> _INSTRUCTIONS TO FOLLOW_
Copy all records verbatim, images excluded.

> _MATERIAL PROVIDED_
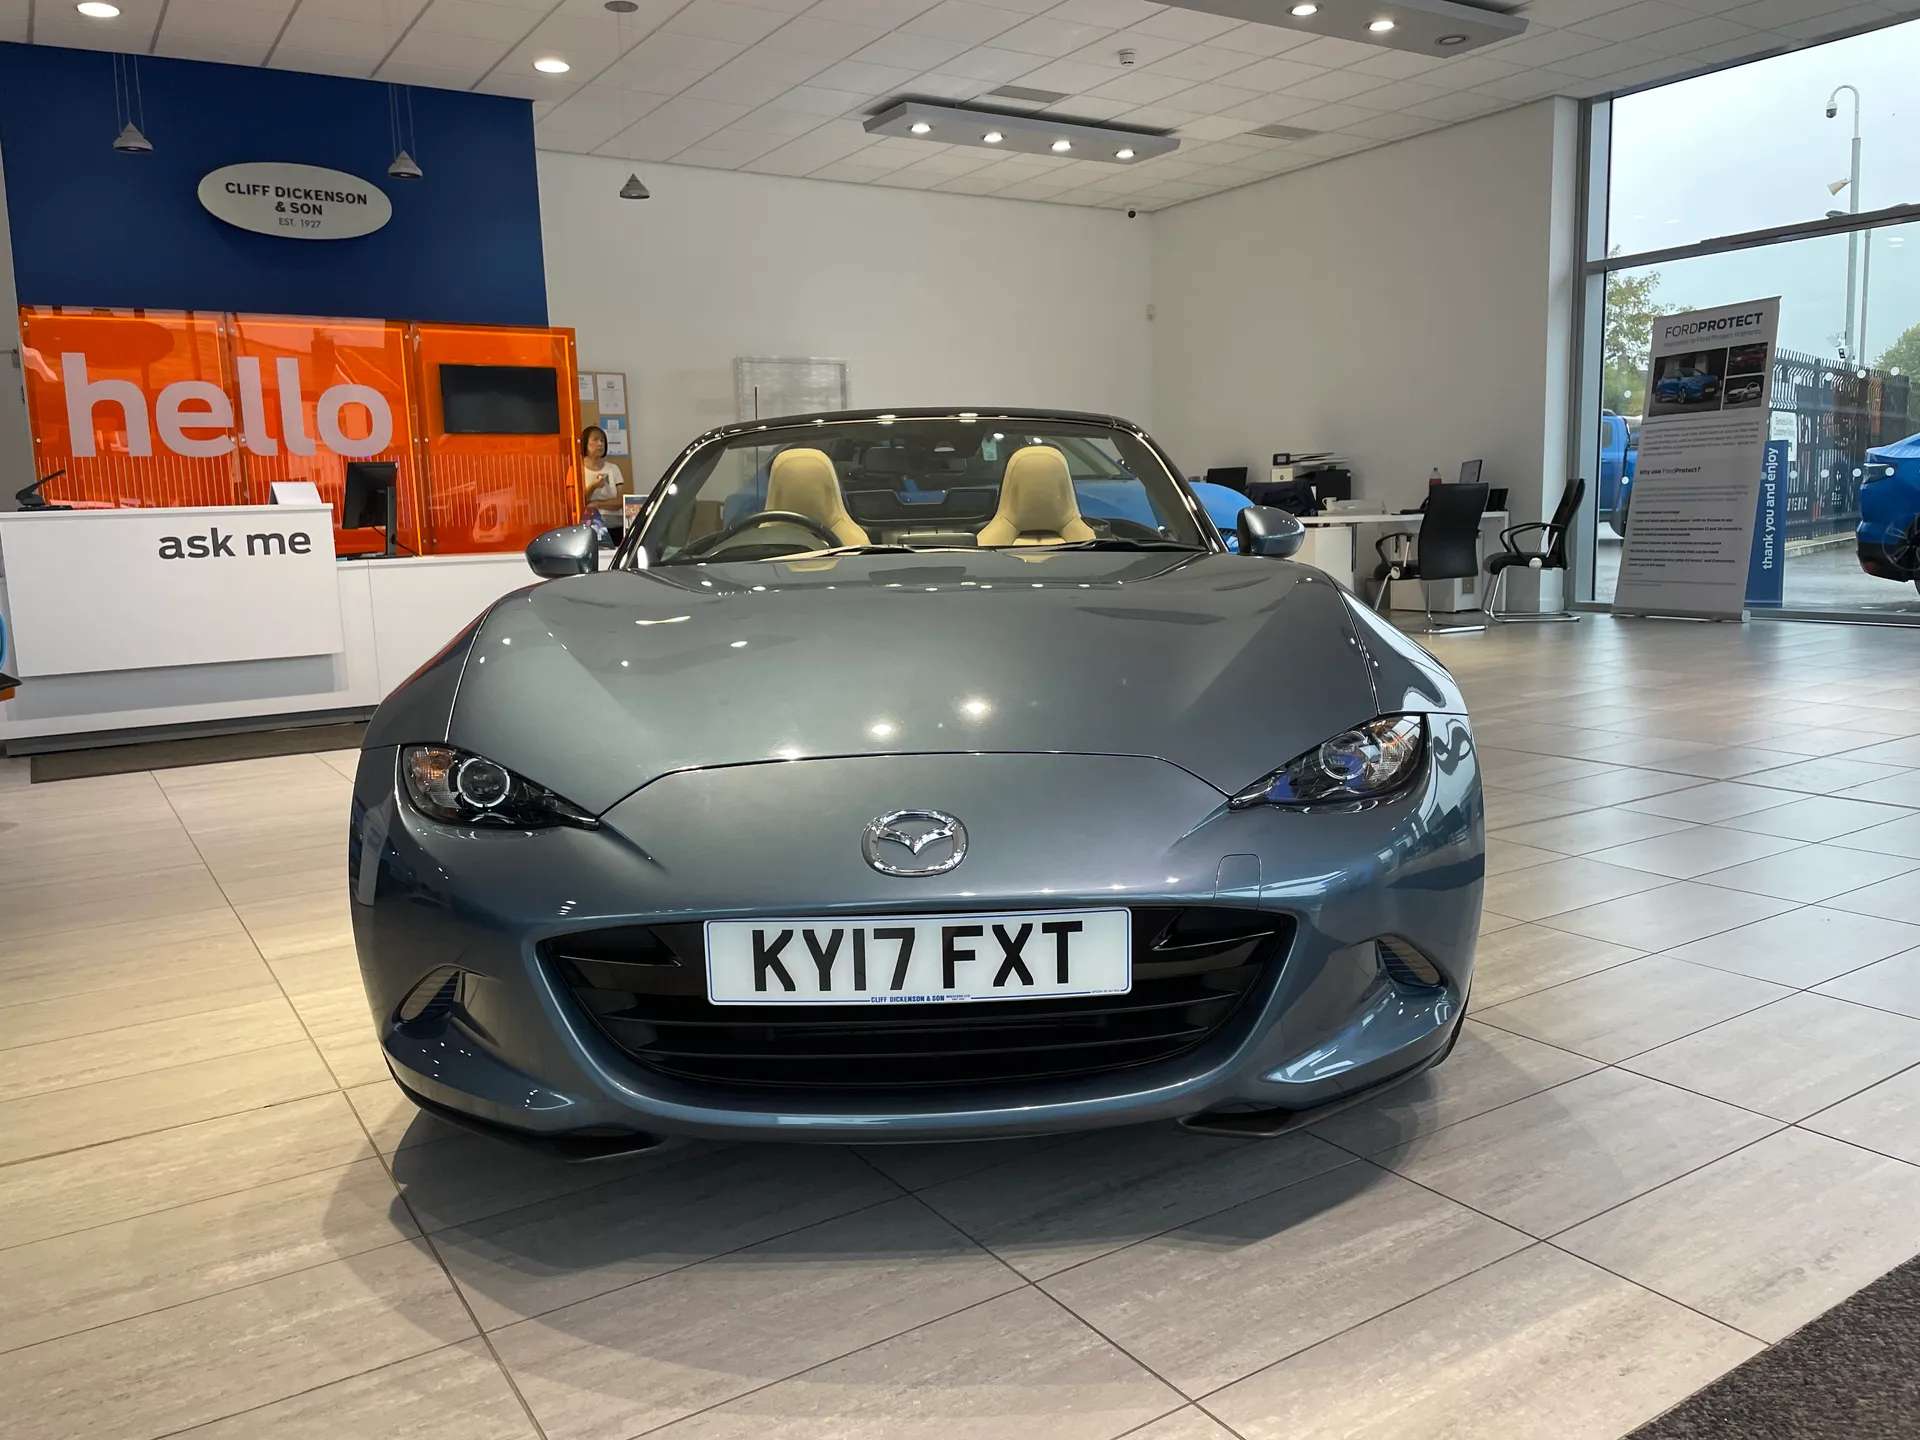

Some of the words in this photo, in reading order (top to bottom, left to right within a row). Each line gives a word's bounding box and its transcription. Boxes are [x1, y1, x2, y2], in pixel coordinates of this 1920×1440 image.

[226, 182, 271, 197] CLIFF
[275, 186, 368, 205] DICKENSON
[275, 201, 286, 213] &
[290, 203, 323, 216] SON
[301, 219, 321, 229] 1927
[61, 352, 394, 457] hello
[1765, 447, 1779, 481] enjoy
[1764, 484, 1776, 506] and
[1765, 509, 1776, 532] you
[159, 528, 236, 559] ask
[246, 532, 312, 556] me
[1762, 535, 1774, 569] thank
[752, 927, 916, 992] KY17
[942, 920, 1083, 990] FXT
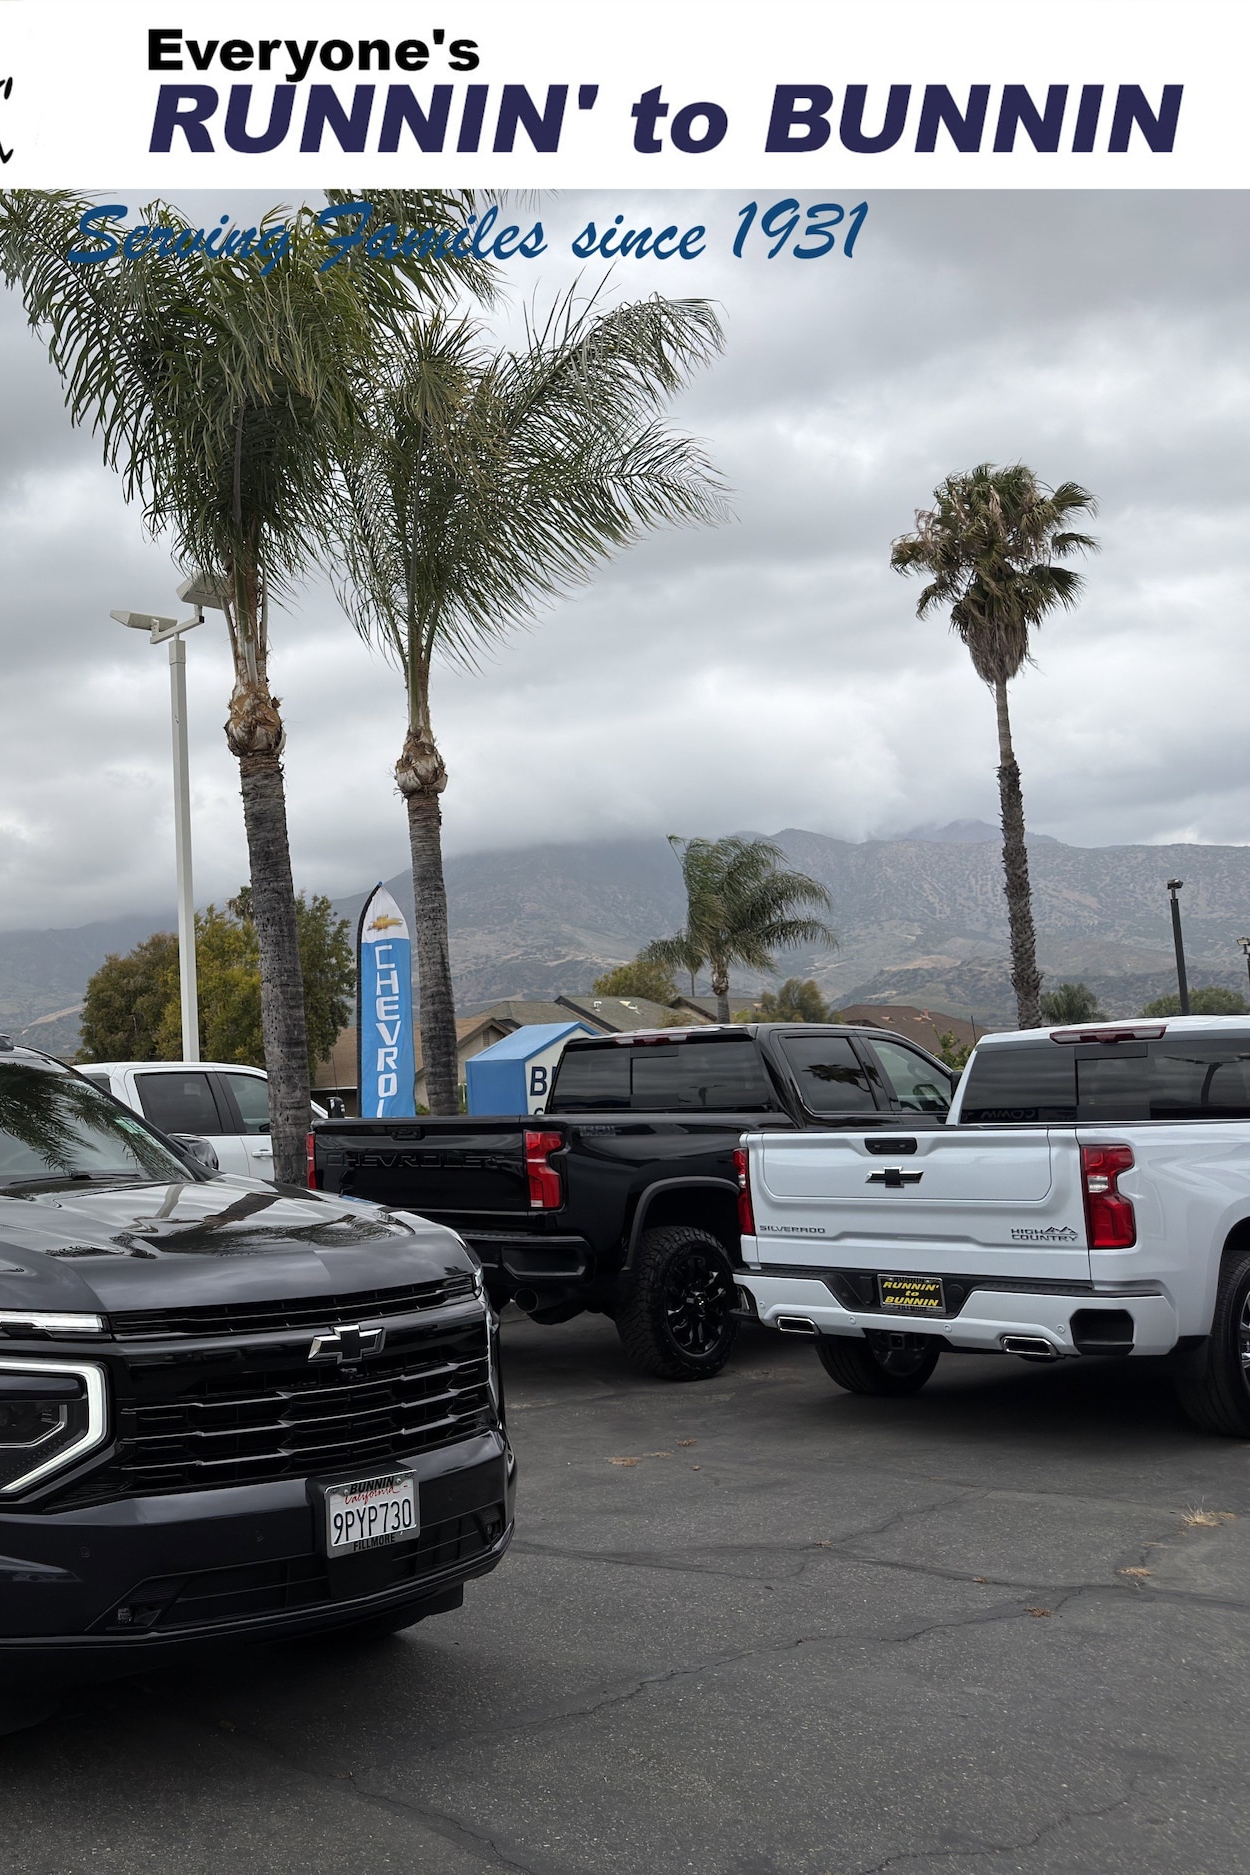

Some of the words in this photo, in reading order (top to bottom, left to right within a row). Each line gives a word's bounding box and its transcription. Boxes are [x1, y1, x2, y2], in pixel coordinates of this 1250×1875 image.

[759, 1225, 826, 1234] SILVERADO
[1011, 1234, 1079, 1242] COUNTRY
[882, 1281, 940, 1292] RUNNIN'
[884, 1296, 940, 1307] BUNNIN
[350, 1476, 395, 1495] BUNNIN
[344, 1485, 401, 1505] California
[333, 1498, 412, 1545] 9PYP730
[353, 1534, 396, 1552] FILLMORE
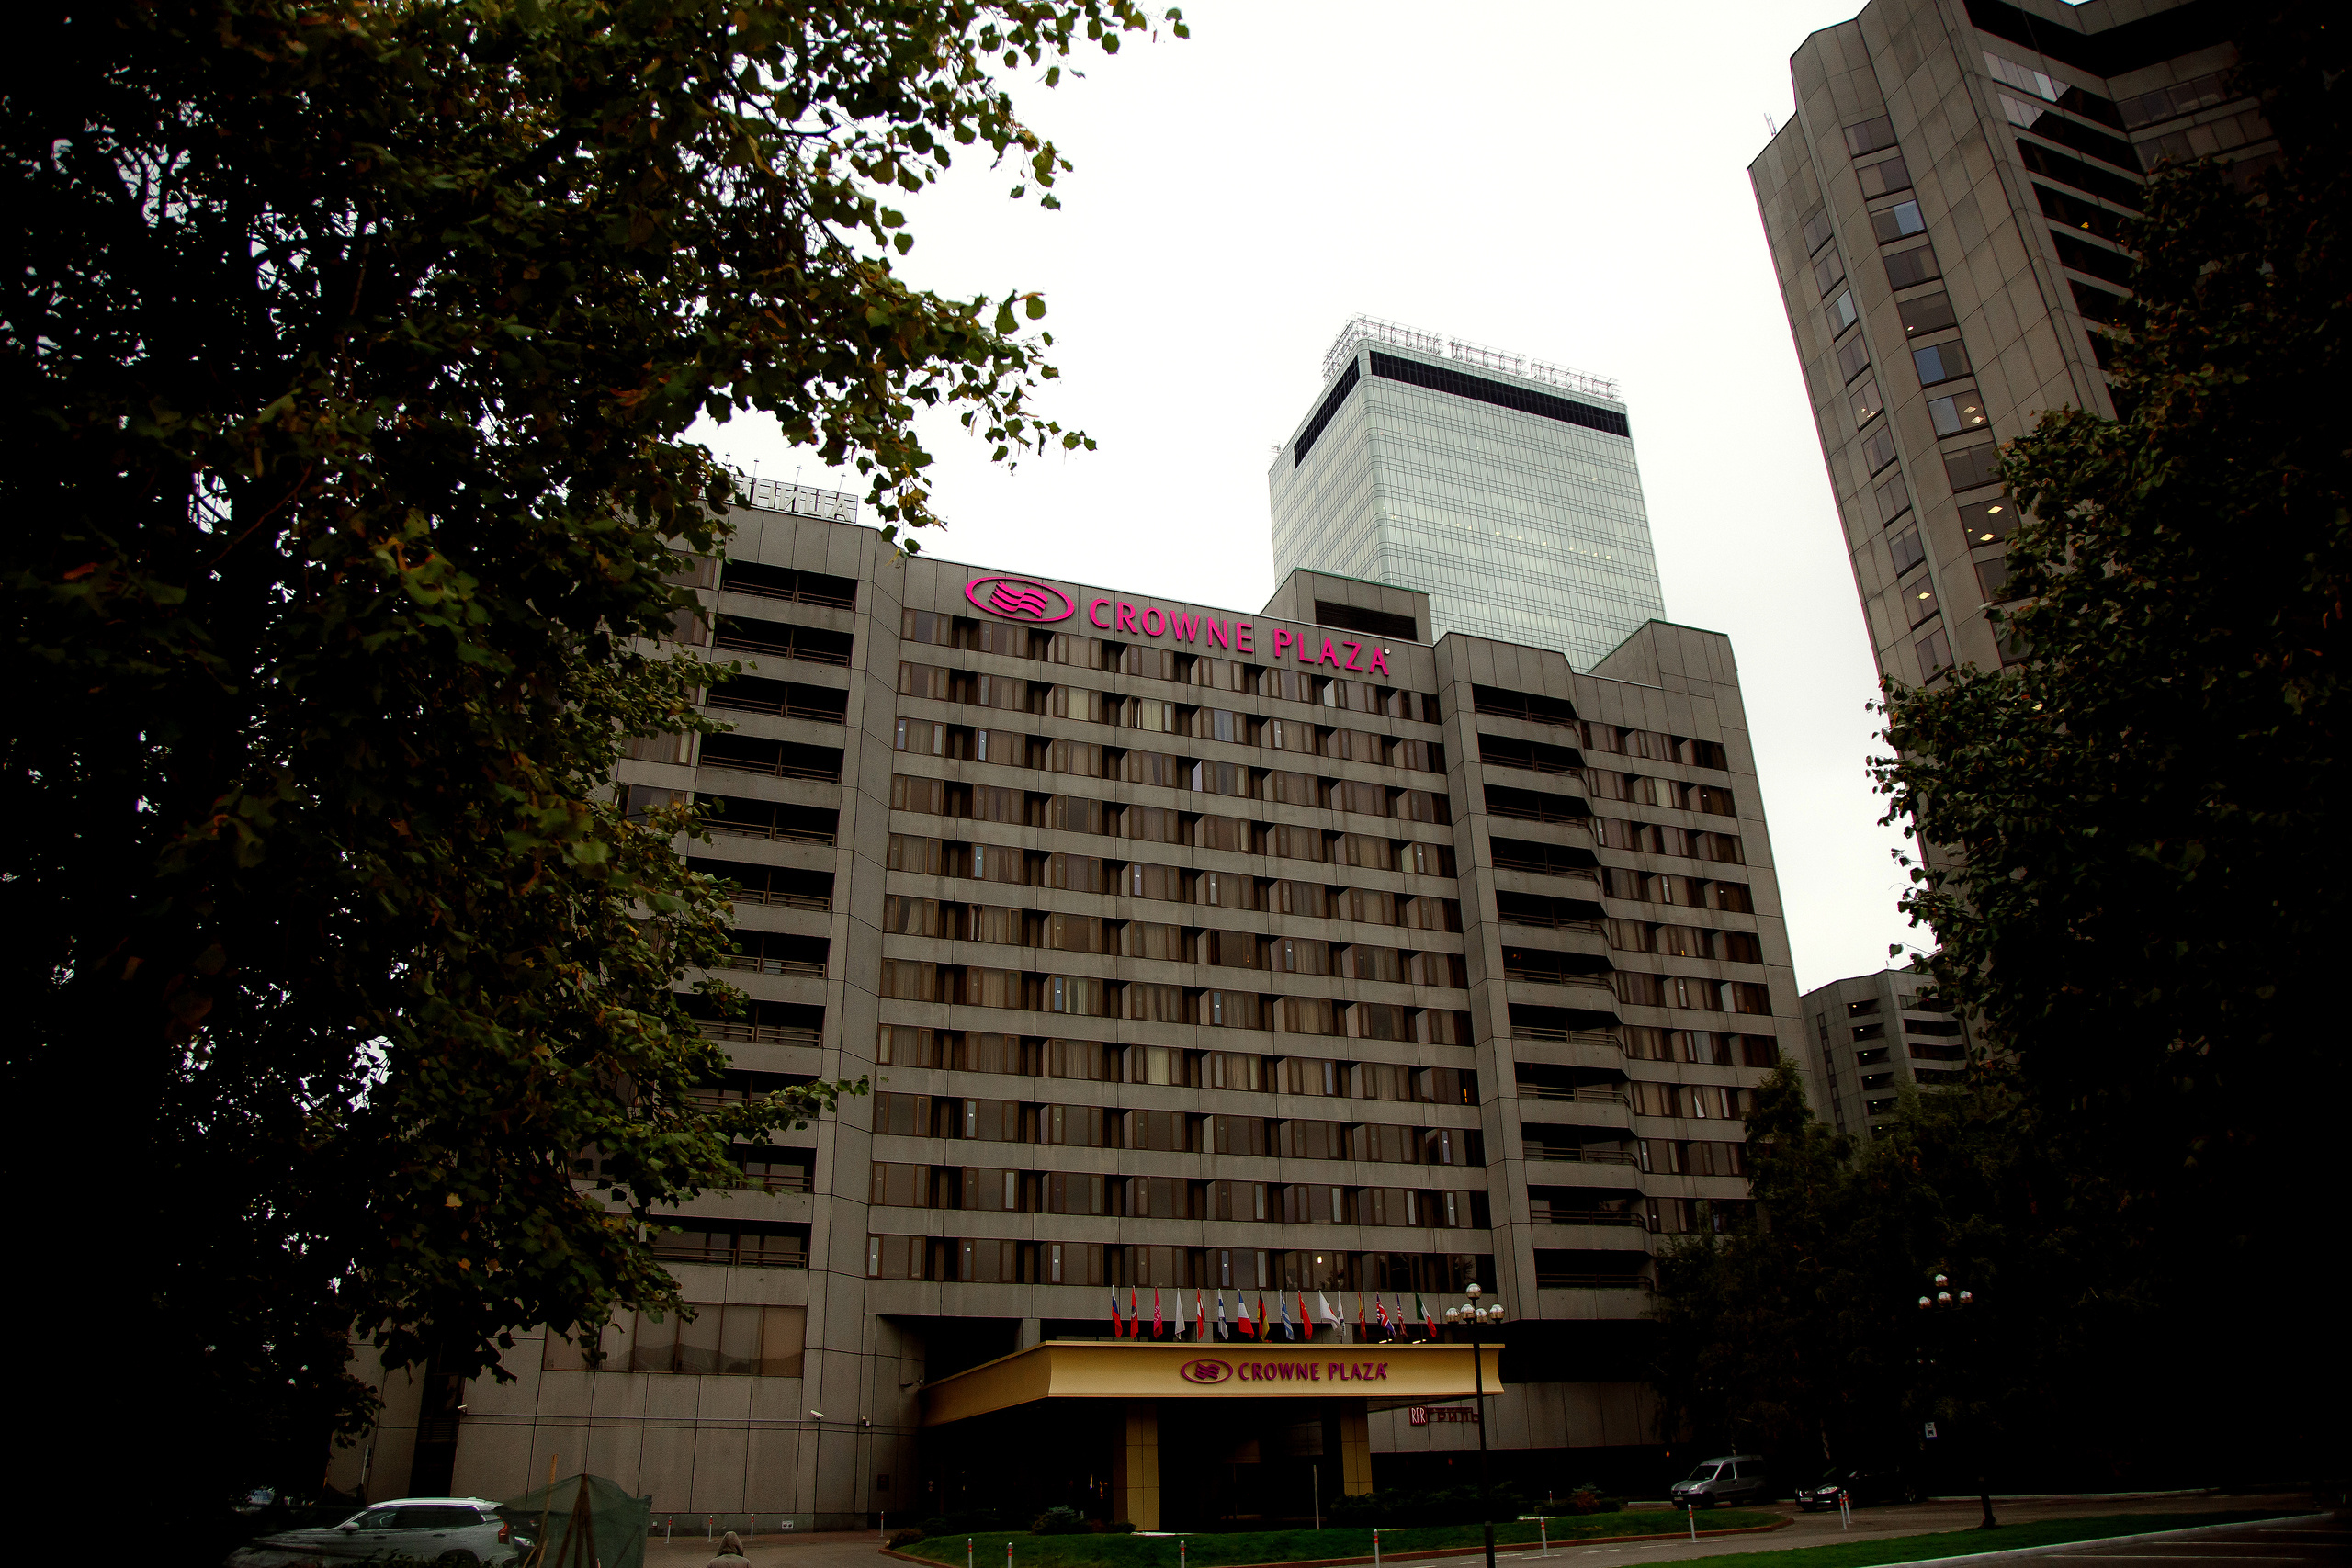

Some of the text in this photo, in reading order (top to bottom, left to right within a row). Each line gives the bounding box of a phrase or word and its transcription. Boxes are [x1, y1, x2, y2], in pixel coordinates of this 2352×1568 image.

> _EXERCISE SOLUTION_
Some of the words in this photo, in reading order (top to bottom, left to right within a row). Each line gives a word's bounding box and its transcription. Boxes are [x1, y1, x2, y2], in pixel coordinates of this 1920×1440 image.

[226, 182, 271, 197] CLIFF
[275, 186, 368, 205] DICKENSON
[275, 201, 286, 213] &
[290, 203, 323, 216] SON
[301, 219, 321, 229] 1927
[61, 352, 394, 457] hello
[1765, 447, 1779, 481] enjoy
[1764, 484, 1776, 506] and
[1765, 509, 1776, 532] you
[159, 528, 236, 559] ask
[246, 532, 312, 556] me
[1762, 535, 1774, 569] thank
[752, 927, 916, 992] KY17
[942, 920, 1083, 990] FXT

Some of the words in this photo, in reading order (top to bottom, left to right within a row). Each line gives a word's bounding box and its transcription. Boxes are [x1, y1, x2, y2], in pixel coordinates of this 1250×1875 image.

[759, 1225, 826, 1234] SILVERADO
[1011, 1234, 1079, 1242] COUNTRY
[882, 1281, 940, 1292] RUNNIN'
[884, 1296, 940, 1307] BUNNIN
[350, 1476, 395, 1495] BUNNIN
[344, 1485, 401, 1505] California
[333, 1498, 412, 1545] 9PYP730
[353, 1534, 396, 1552] FILLMORE

Some of the text in this photo, in reading order (top to bottom, left to right within a row). Each line gives the bounding box of a phrase or word and its transcription. Boxes are [x1, y1, x2, y2], in pixel coordinates of this 2352×1568 image.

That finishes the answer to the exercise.